Exemestane — Steroidal (type I) aromatase inhibitor — FDA-approved for breast cancer; irreversible mechanism distinguishes it from anastrozole/letrozole; used in TRT for estrogen management with unique anabolic properties

Exemestane is a steroidal (androstenedione-based) aromatase inhibitor with an irreversible ('suicide inhibitor') binding mechanism. This is the key pharmacological distinction: (1) Anastrozole and letrozole are non-steroidal (type II) — they bind competitively and reversibly to the heme iron of CYP19A1; (2) Exemestane (type I) — its androstenedione scaffold binds to the active site of aromatase, is converted by the enzyme to a reactive intermediate that covalently inactivates the enzyme permanently. New estradiol synthesis requires synthesis of new aromatase enzyme (3–7 days).

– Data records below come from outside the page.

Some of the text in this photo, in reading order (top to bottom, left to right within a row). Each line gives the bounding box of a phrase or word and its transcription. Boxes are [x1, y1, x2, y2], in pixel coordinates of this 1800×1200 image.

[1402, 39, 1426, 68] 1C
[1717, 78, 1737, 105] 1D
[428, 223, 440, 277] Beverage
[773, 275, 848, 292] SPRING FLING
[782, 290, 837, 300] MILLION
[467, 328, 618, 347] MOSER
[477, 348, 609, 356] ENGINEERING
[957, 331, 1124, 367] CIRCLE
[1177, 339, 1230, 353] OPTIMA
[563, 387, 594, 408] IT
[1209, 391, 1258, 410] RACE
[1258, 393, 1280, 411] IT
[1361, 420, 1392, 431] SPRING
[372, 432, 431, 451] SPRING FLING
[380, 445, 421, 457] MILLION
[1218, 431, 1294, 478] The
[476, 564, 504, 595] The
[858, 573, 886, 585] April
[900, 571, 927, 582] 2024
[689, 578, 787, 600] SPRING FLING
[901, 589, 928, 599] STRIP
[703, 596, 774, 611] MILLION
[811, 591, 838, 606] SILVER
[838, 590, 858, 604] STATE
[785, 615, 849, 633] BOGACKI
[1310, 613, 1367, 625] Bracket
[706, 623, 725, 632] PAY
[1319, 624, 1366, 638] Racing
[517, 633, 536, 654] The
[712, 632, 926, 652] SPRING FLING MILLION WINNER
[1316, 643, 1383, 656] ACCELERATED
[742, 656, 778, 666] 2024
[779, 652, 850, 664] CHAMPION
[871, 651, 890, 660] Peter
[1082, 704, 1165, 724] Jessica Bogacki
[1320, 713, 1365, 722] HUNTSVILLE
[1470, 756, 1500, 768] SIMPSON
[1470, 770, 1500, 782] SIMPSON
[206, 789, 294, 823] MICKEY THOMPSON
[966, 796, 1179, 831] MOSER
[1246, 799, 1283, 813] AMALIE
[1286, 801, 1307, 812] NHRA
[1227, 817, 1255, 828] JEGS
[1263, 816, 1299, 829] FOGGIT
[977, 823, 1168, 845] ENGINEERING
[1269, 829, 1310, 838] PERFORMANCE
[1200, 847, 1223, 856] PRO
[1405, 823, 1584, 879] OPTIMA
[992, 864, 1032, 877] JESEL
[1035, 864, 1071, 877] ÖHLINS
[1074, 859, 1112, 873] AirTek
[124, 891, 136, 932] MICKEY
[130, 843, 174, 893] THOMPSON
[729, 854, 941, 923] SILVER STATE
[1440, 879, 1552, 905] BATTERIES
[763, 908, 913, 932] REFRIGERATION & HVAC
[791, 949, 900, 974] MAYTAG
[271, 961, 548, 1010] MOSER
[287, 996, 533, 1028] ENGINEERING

Clinical implications of irreversible mechanism: (a) Missing doses has less impact because aromatase is permanently inactivated until new enzyme is made; (b) No drug present = no competitive removal; (c) Androgenic activity — exemestane retains mild androgenic/anabolic activity from its steroid scaffold (elevates IGF-1, maintains bone density better than non-steroidal AIs; does NOT increase estrogen when stopped like anastrozole rebound). ADDITIONAL BENEFIT: Exemestane does not suppress bone density as aggressively as non-steroidal AIs — clinically relevant for long-term TRT management.